J9 Technologies also provides customers with cloud application management, application life-cycle management, diagnostics, software testing and application life-cycle management services.

"We have customers who are struggling with how to monitor and manage applications running in the cloud, outside their data center and firewall," Roach said. "For example, we are working with an insurance company with tight integration with Salesforce, and they want to monitor that integration," Roach said. "We can use HP APM to handle that need."

NEXT: Vodafone Ireland Tracks Its Apps

Vodafone Ireland, the largest mobile phone company in Ireland, used HP APM software to monitor applications across its cloud, virtual, traditional and mobile environments.

Shane Gaffney, head of IT operations for Vodafone Ireland, said the company previously had to balance multiple processes and tools and devote large amounts of time to managing the infrastructure instead of focusing on new business services.

Gaffney said HP's APM software lets the company monitor its applications in the cloud to maintain their quality. "As both a receiver and a supplier of cloud services, our operating model relies heavily on the rich, responsive, proactive and indeed predictive insights and intelligence that HP's products provide," Gaffney said in an email to CRN.

The move to HP's APM portfolio has resulted in a return on investment and annual savings of more than $700,000 in savings, including the retirement of third-party service-monitoring tools, he said.

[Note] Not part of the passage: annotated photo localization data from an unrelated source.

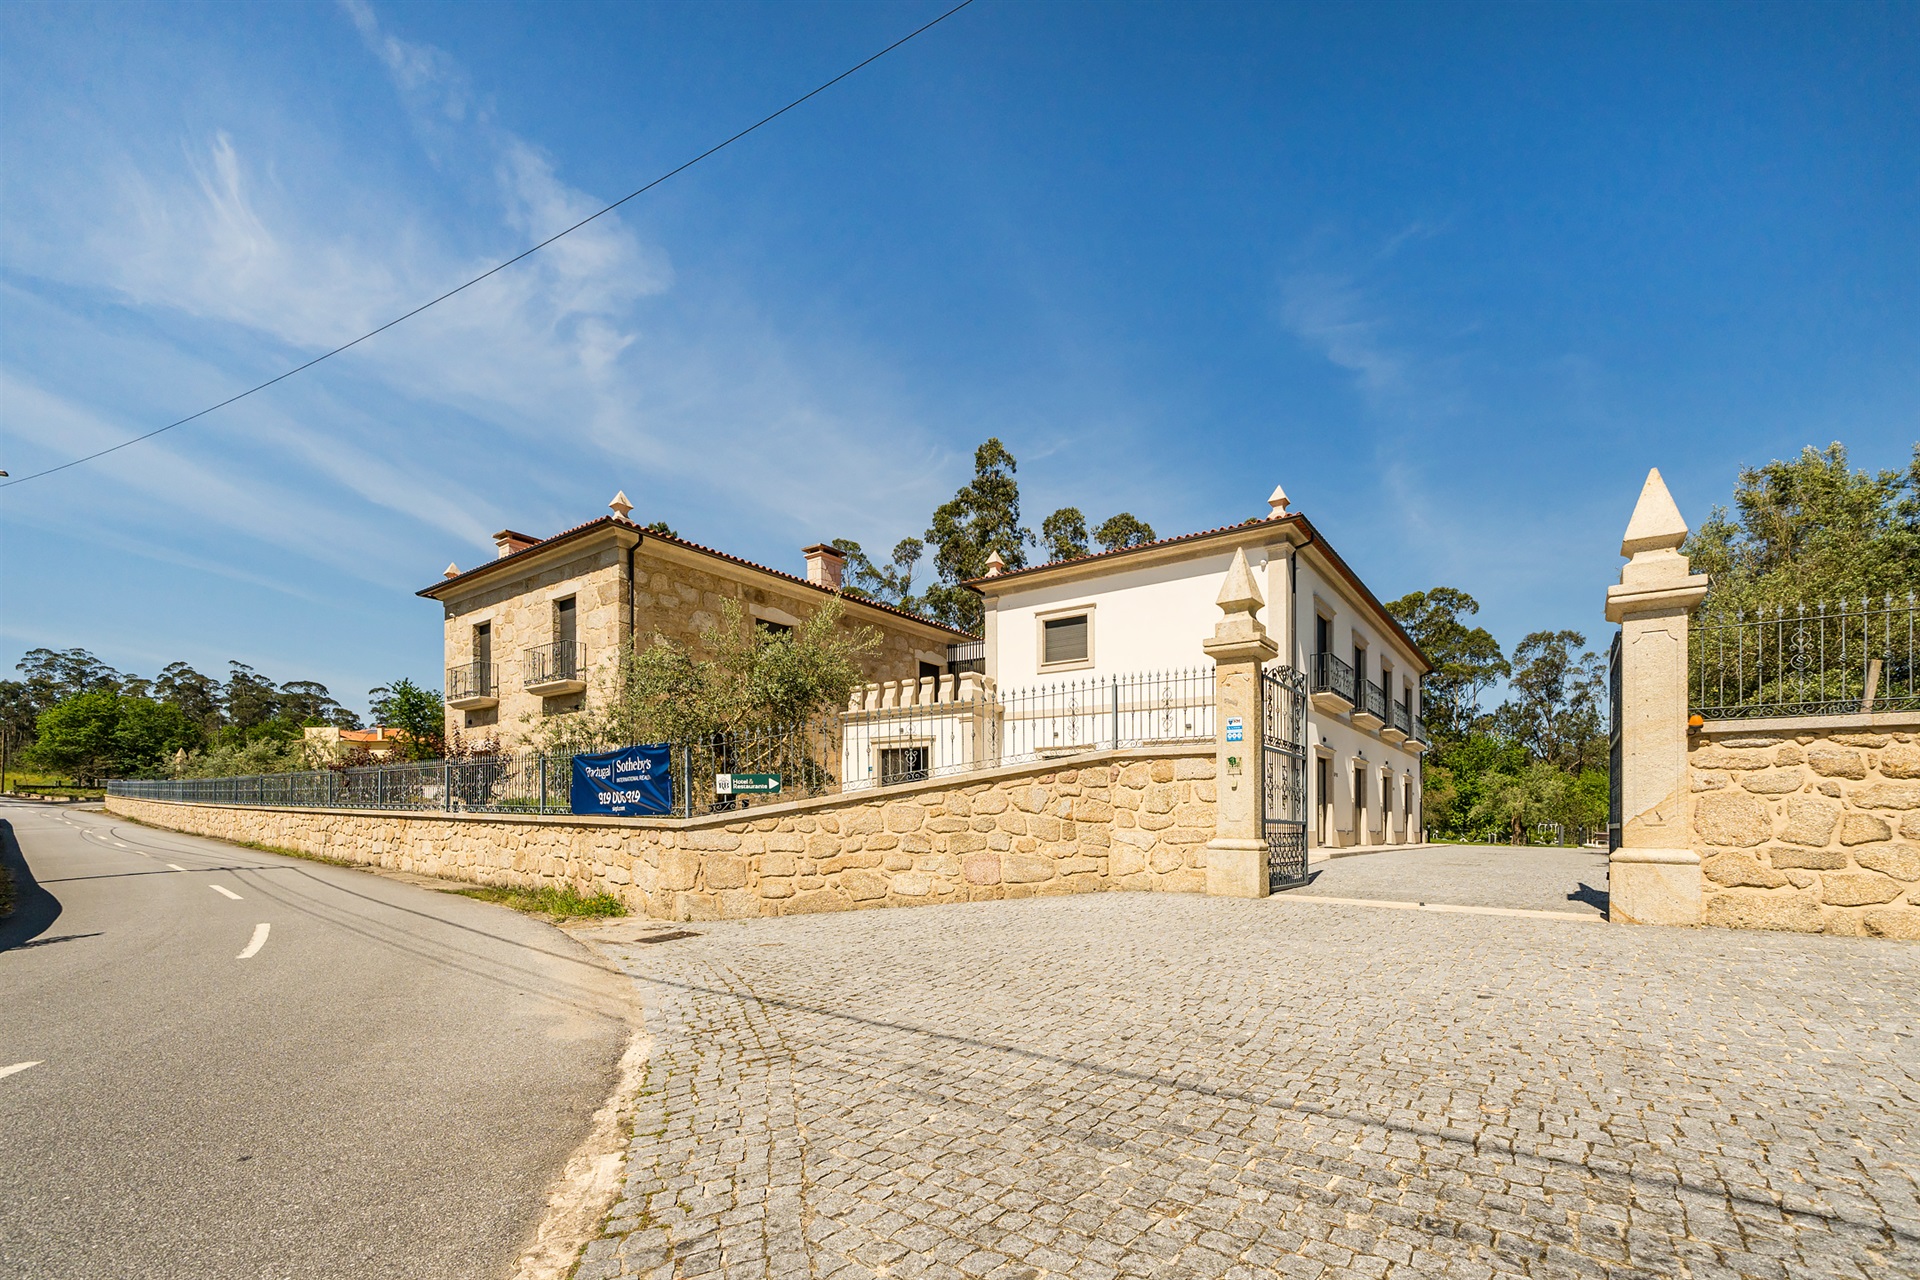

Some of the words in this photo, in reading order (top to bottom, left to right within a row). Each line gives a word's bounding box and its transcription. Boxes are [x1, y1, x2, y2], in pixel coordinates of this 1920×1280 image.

[585, 765, 611, 779] Portugal
[616, 756, 652, 773] Sotheby's
[598, 792, 612, 805] 919
[626, 790, 641, 803] 919
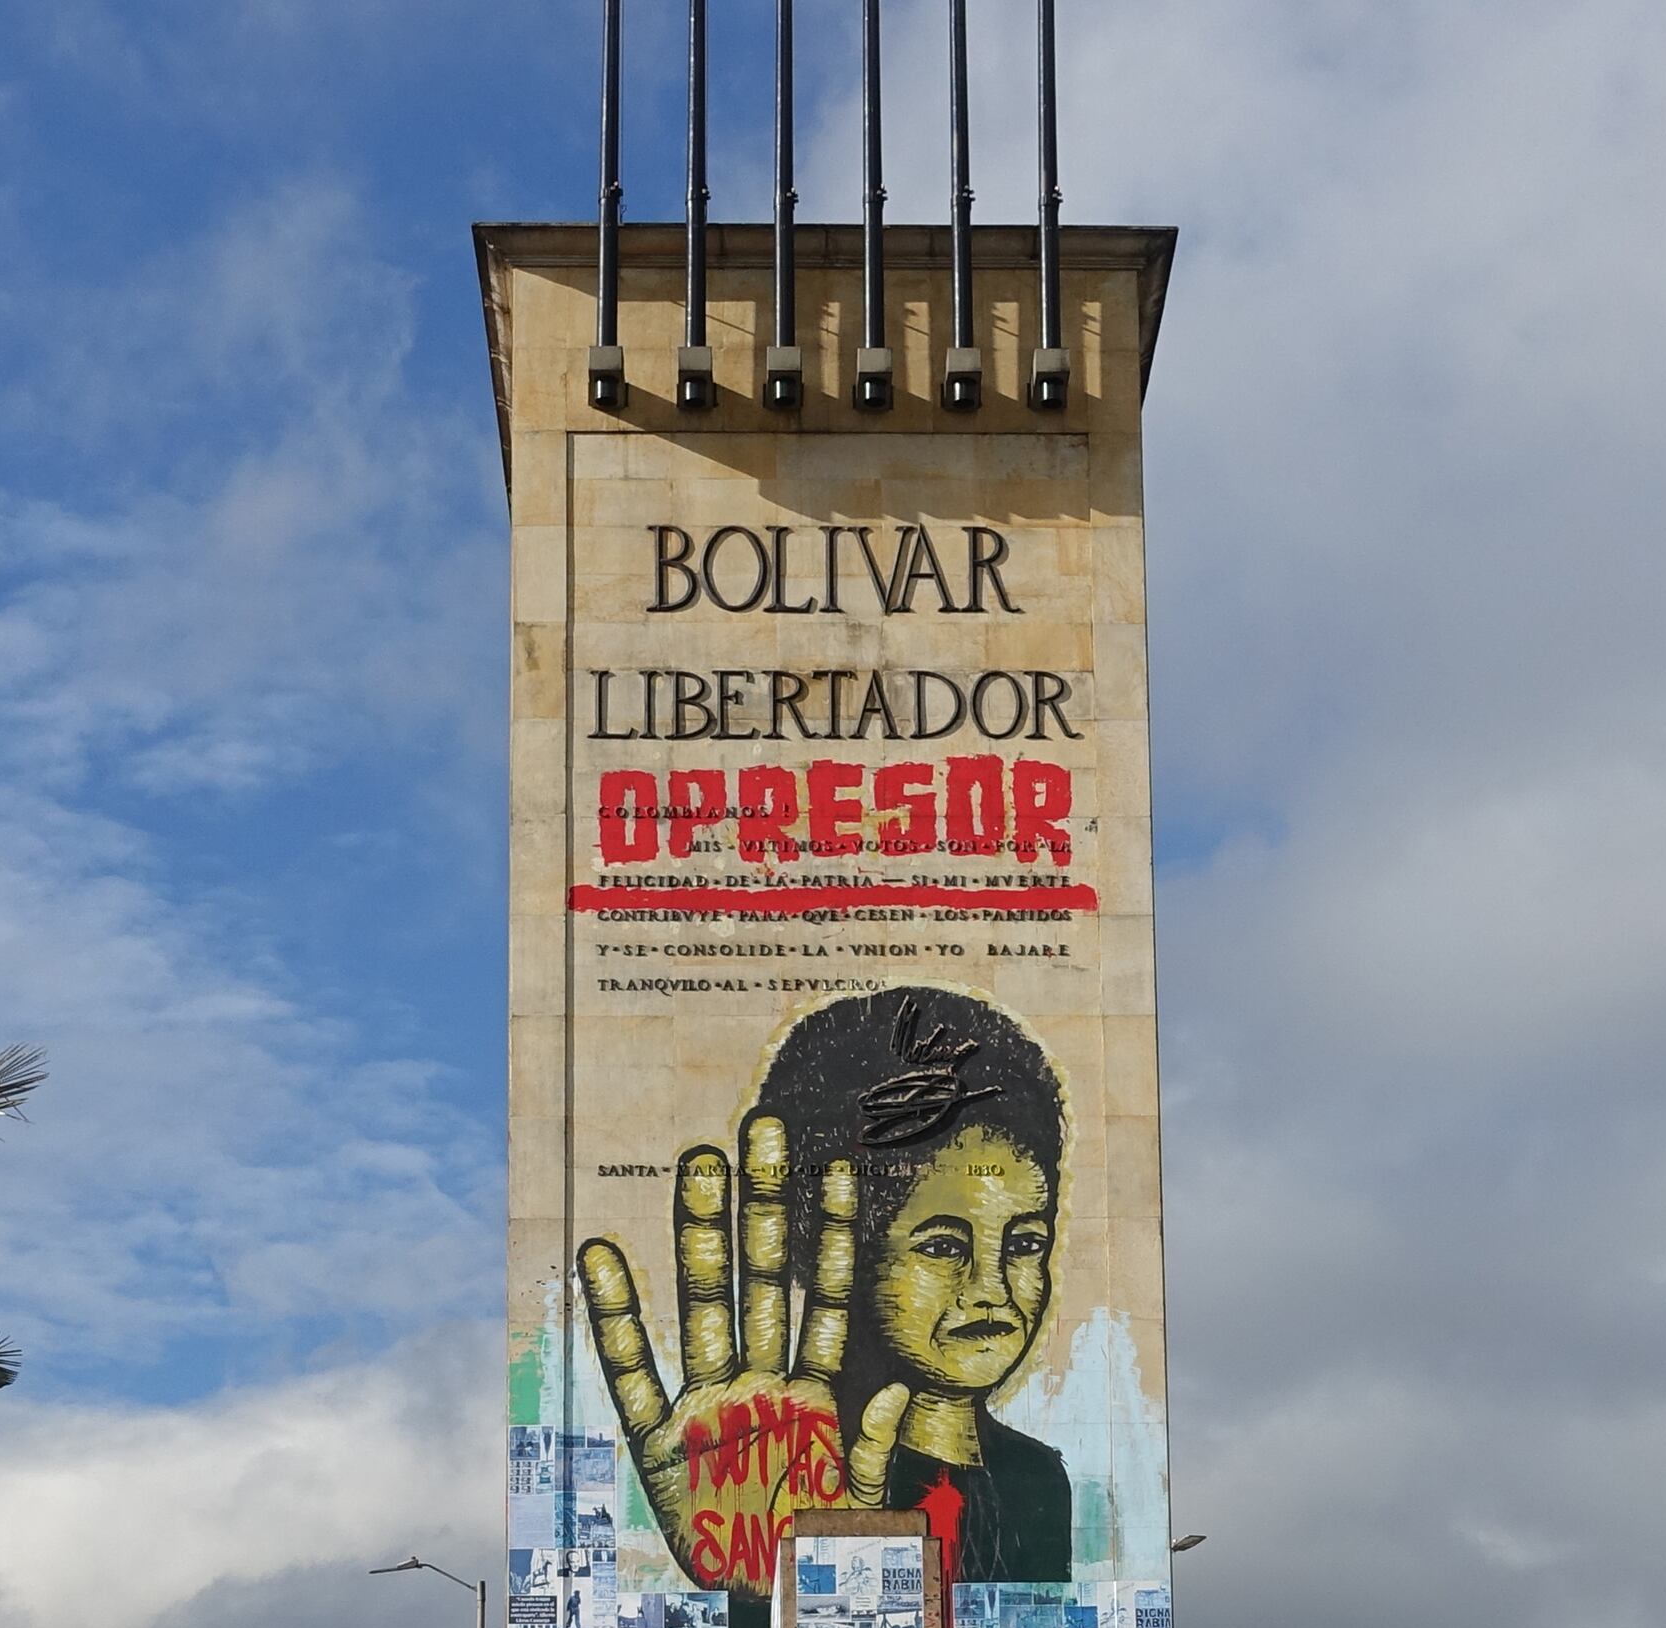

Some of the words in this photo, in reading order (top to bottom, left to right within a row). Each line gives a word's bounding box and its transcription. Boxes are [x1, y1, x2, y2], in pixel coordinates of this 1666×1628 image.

[647, 524, 1025, 615] BOLIVAR
[588, 670, 1083, 740] LIBERTADOR
[599, 754, 1072, 868] OPRESOR
[687, 840, 722, 853] MIS
[599, 875, 709, 888] FELICIDAD
[725, 875, 750, 888] DE
[765, 875, 789, 888] LA
[802, 875, 874, 888] PATRIA
[911, 875, 932, 888] SI
[944, 875, 968, 888] MI
[739, 910, 789, 922] PARA
[855, 910, 914, 922] CESEN
[935, 910, 970, 922] LOS
[983, 910, 1072, 922] PARTIDOS
[623, 944, 648, 957] SE
[664, 944, 789, 957] CONSOLIDE
[802, 944, 830, 957] LA
[936, 944, 965, 957] YO
[724, 979, 750, 991] AL
[597, 1164, 659, 1178] SANTA
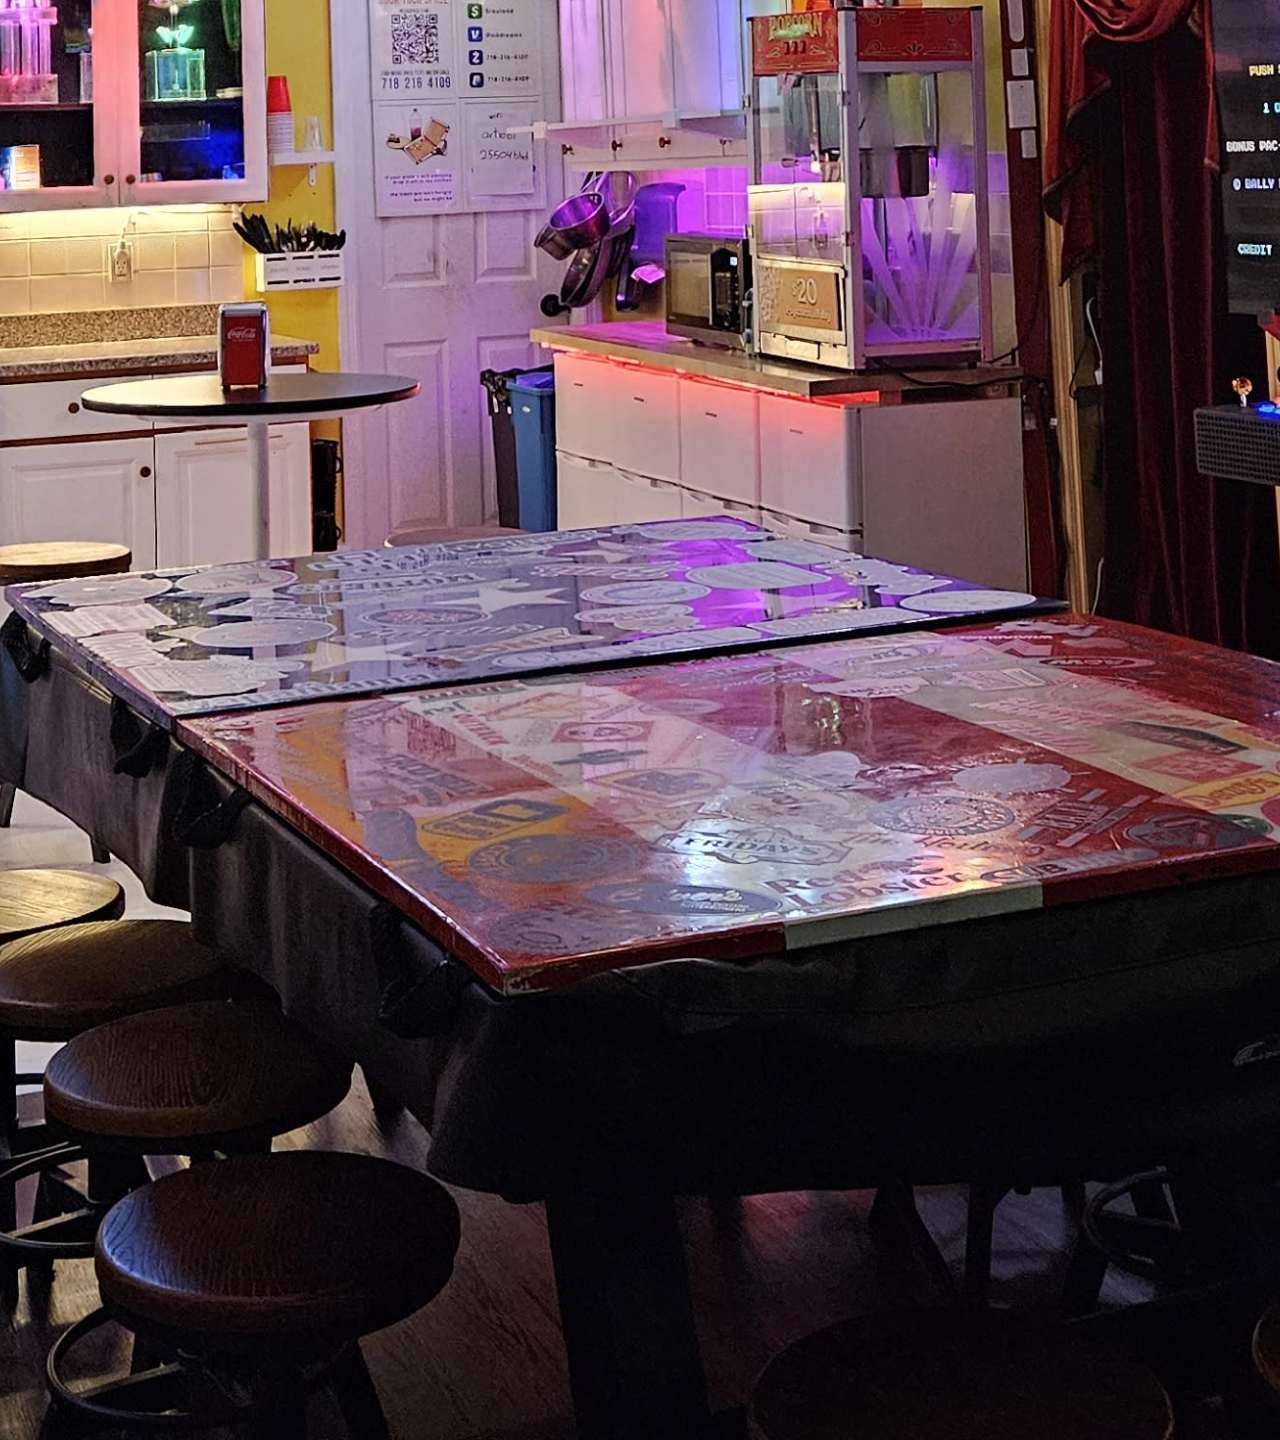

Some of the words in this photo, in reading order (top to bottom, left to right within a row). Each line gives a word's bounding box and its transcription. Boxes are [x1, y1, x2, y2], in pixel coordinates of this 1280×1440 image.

IBM, CA Technologies, Compuware, BMC Software and new players such as AppDynamics and New Relic are also offering APM for cloud applications.

IDC says the APM market is growing to $2.2 billion in 2012 and is expected to reach $3.5 billion in 2016.

The growth in APM is significantly higher than other traditional applications due to the rise of the cloud and the use distributed architectures, which are filling a need to monitor applications as they migrate from in-house data centers to the cloud, said Mary Johnston Turner, IDC research vice president for enterprise systems management software, in an interview.

"IT organizations are really responsible for the end-user experience and, as traditional, tightly-coupled computing architecture breaks down, and as the application components are housed in different places, the end result is very distributed architecture," she said. "So, organizations are focusing on the need to get better visibility into the end-user experience and into business transactions."

HP's Augustine said businesses are now placing high value on the information that cloud-based APM provides. "APM offers a level of insight that will become common practice," he said.